Text-to-region grounding data
#####

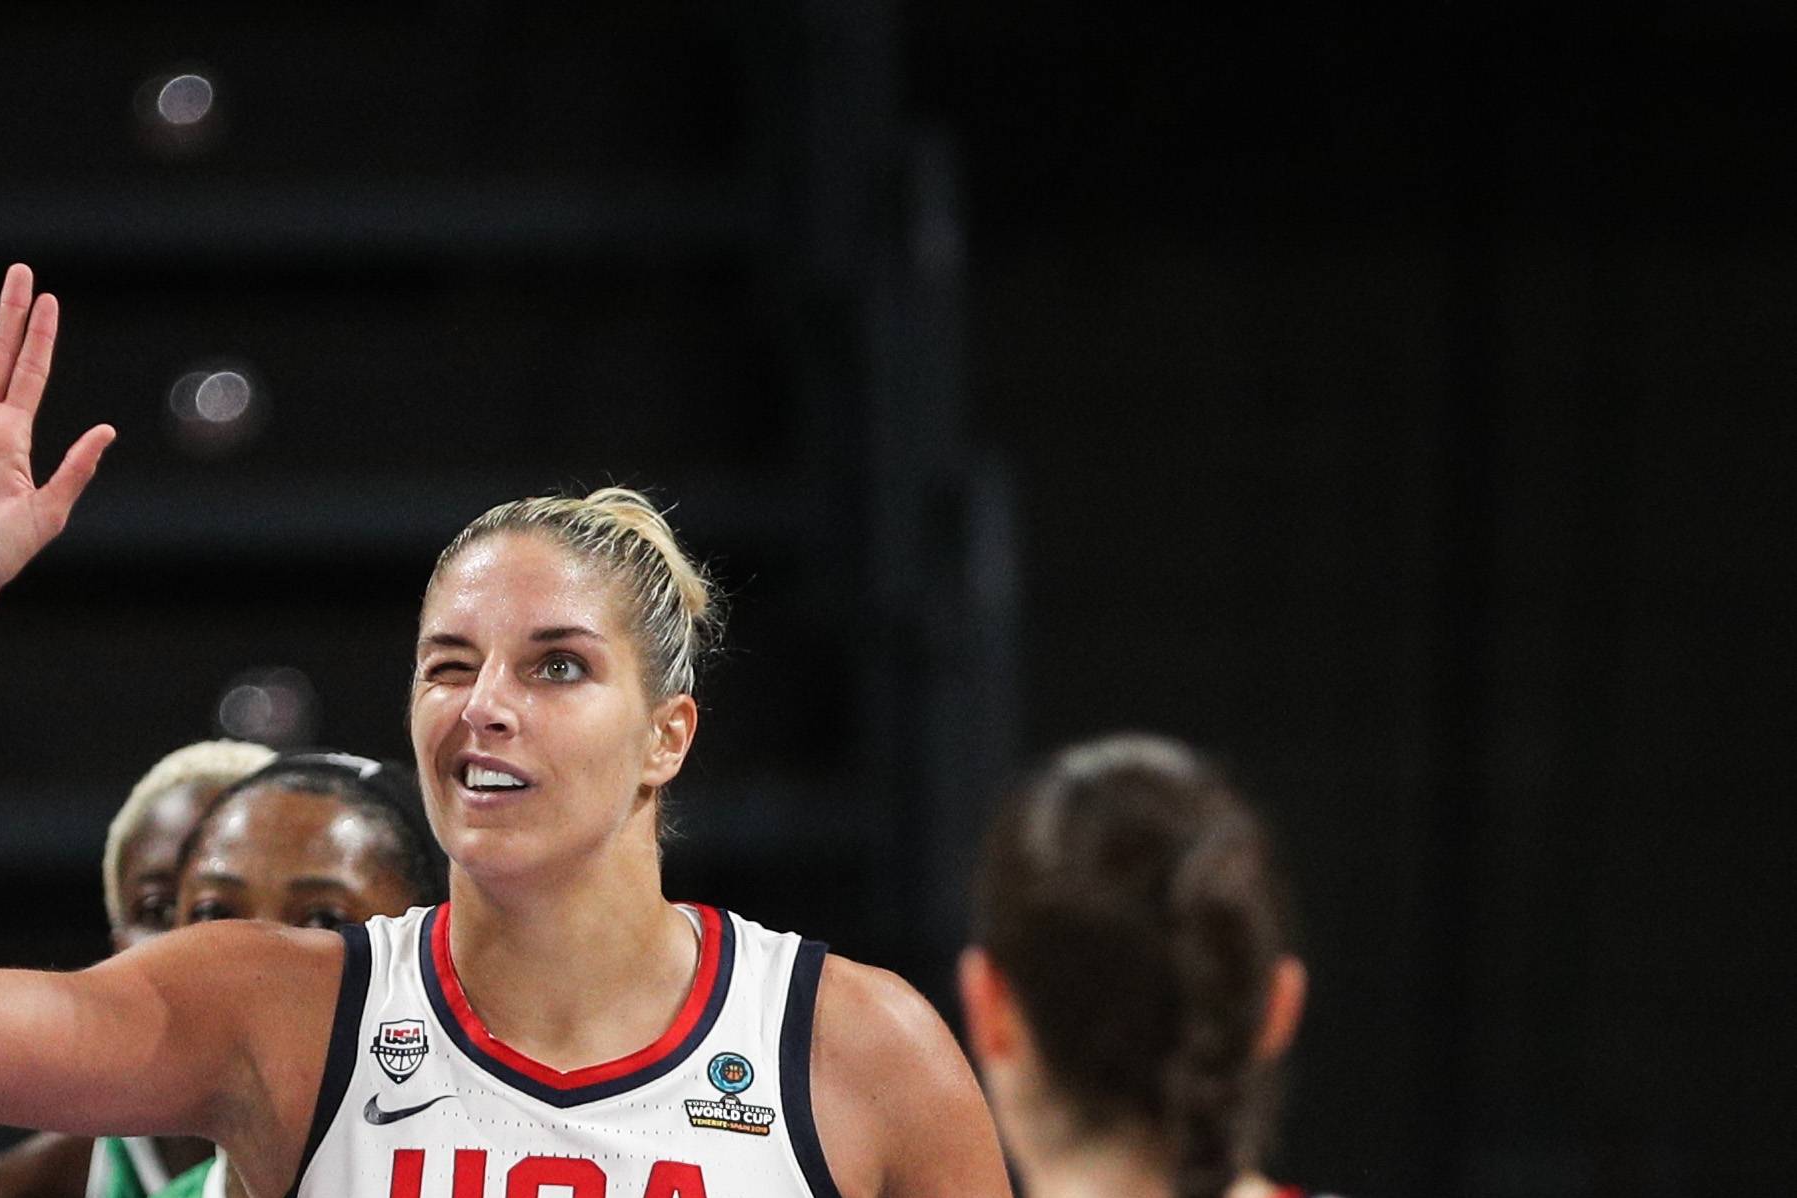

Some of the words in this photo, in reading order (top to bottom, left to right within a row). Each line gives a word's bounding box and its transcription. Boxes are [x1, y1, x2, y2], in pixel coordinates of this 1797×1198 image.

[384, 1027, 420, 1045] USA
[688, 1106, 740, 1121] WORLD
[743, 1112, 773, 1125] CUP
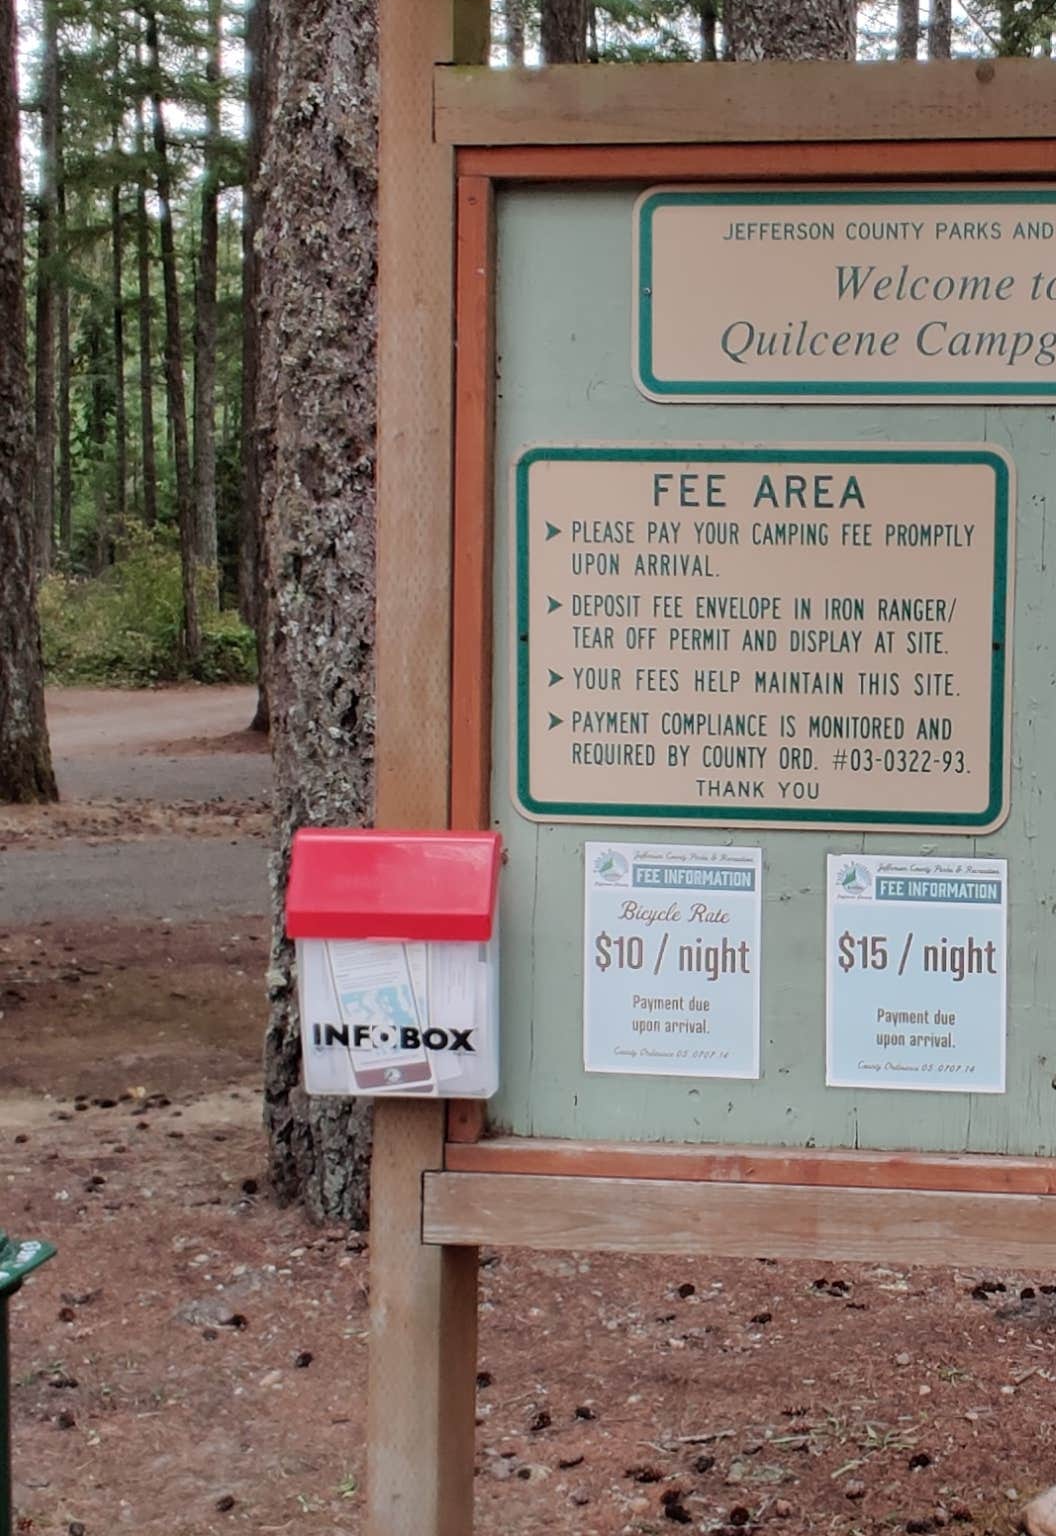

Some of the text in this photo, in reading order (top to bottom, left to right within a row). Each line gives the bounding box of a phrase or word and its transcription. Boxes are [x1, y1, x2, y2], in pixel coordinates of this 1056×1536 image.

[722, 221, 835, 241] JEFFERSON
[845, 221, 925, 240] COUNTY
[935, 221, 1002, 240] PARKS
[1012, 221, 1055, 240] AND
[833, 264, 1015, 302] Welcome
[719, 319, 899, 365] Quilcene
[653, 472, 867, 510] FEE AREA
[572, 521, 976, 548] PLEASE PAY YOUR CAMPING FEE PROMPTLY
[572, 553, 721, 578] UPON ARRIVAL.
[572, 594, 957, 623] DEPOSIT FEE ENVELOPE IN IRON RANGER/
[572, 626, 950, 655] TEAR OFF PERMIT AND DISPLAY AT SITE.
[572, 667, 962, 698] YOUR FEES HELP MAINTAIN THIS SITE.
[572, 711, 953, 741] PAYMENT COMPLIANCE IS MONITORED AND
[572, 743, 972, 775] REQUIRED BY COUNTY ORD. #03-0322-93.
[695, 779, 820, 801] THANK YOU
[636, 868, 752, 887] FEE INFORMATION
[880, 879, 998, 899] FEE INFORMATION
[617, 899, 730, 928] Bicycle Rate
[594, 930, 751, 982] $10 / night
[838, 930, 998, 982] $15 / night
[632, 994, 710, 1014] Payment due
[876, 1007, 956, 1028] Payment due
[631, 1017, 710, 1036] upon arrival.
[876, 1030, 956, 1049] upon arrival.
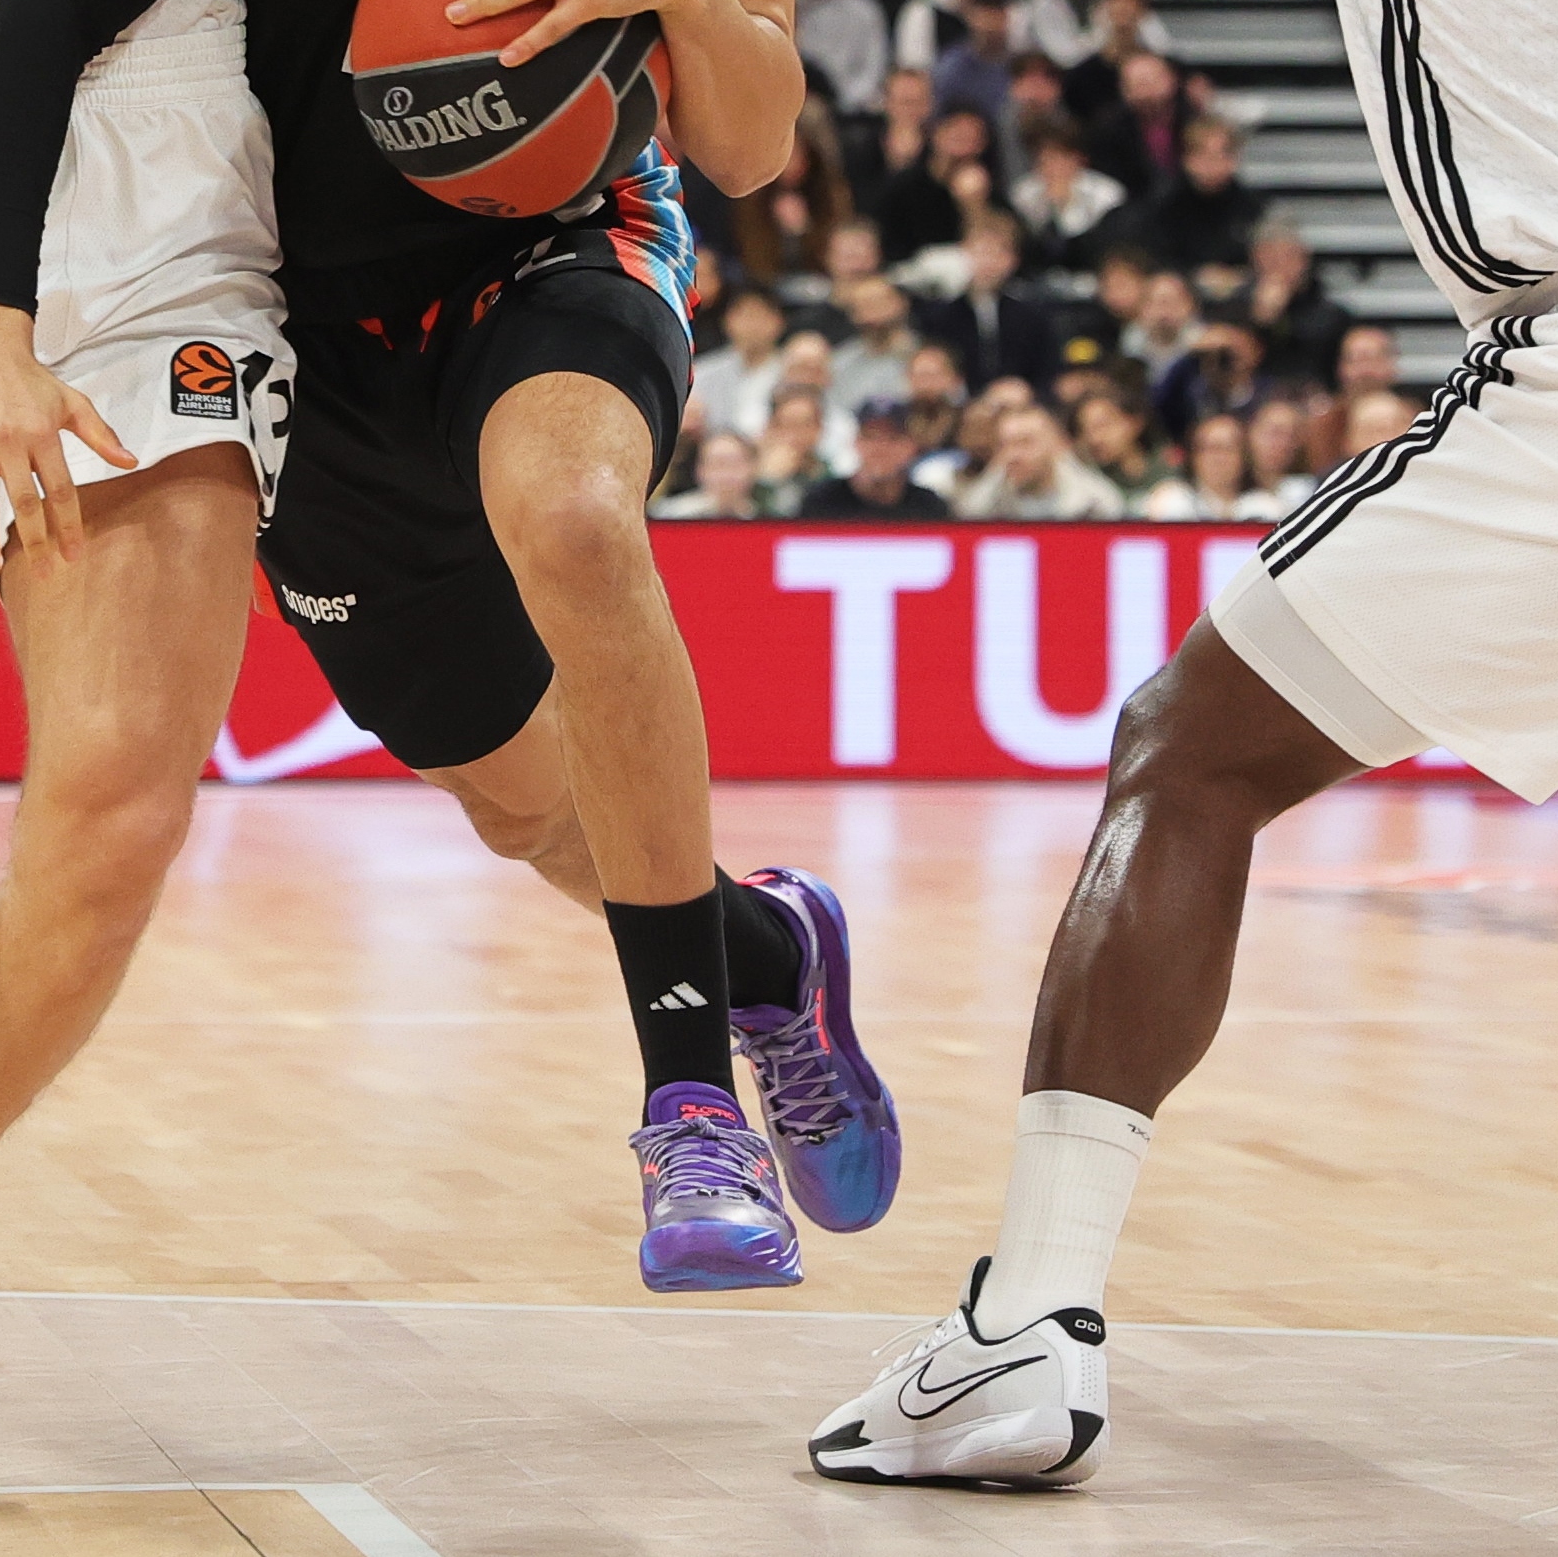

#####

§ **Work item**
From the first line to the last, reproduce the records above exactly and skip the pictures.

§ **Answer**
Some of the words in this photo, in reading order (top to bottom, left to right within a row). Each line gives a word's bounding box and its transcription. Boxes are [x1, y1, x2, y2], in pixel coordinates of this 1797×1198 image.

[384, 1027, 420, 1045] USA
[688, 1106, 740, 1121] WORLD
[743, 1112, 773, 1125] CUP

Some of the text in this photo, in reading order (top to bottom, left to right within a row). Each line gives the bounding box of a phrase or word and its transcription. Boxes are [x1, y1, x2, y2], in pixel coordinates of this 1056×1536 image.

[722, 221, 835, 241] JEFFERSON
[845, 221, 925, 240] COUNTY
[935, 221, 1002, 240] PARKS
[1012, 221, 1055, 240] AND
[833, 264, 1015, 302] Welcome
[719, 319, 899, 365] Quilcene
[653, 472, 867, 510] FEE AREA
[572, 521, 976, 548] PLEASE PAY YOUR CAMPING FEE PROMPTLY
[572, 553, 721, 578] UPON ARRIVAL.
[572, 594, 957, 623] DEPOSIT FEE ENVELOPE IN IRON RANGER/
[572, 626, 950, 655] TEAR OFF PERMIT AND DISPLAY AT SITE.
[572, 667, 962, 698] YOUR FEES HELP MAINTAIN THIS SITE.
[572, 711, 953, 741] PAYMENT COMPLIANCE IS MONITORED AND
[572, 743, 972, 775] REQUIRED BY COUNTY ORD. #03-0322-93.
[695, 779, 820, 801] THANK YOU
[636, 868, 752, 887] FEE INFORMATION
[880, 879, 998, 899] FEE INFORMATION
[617, 899, 730, 928] Bicycle Rate
[594, 930, 751, 982] $10 / night
[838, 930, 998, 982] $15 / night
[632, 994, 710, 1014] Payment due
[876, 1007, 956, 1028] Payment due
[631, 1017, 710, 1036] upon arrival.
[876, 1030, 956, 1049] upon arrival.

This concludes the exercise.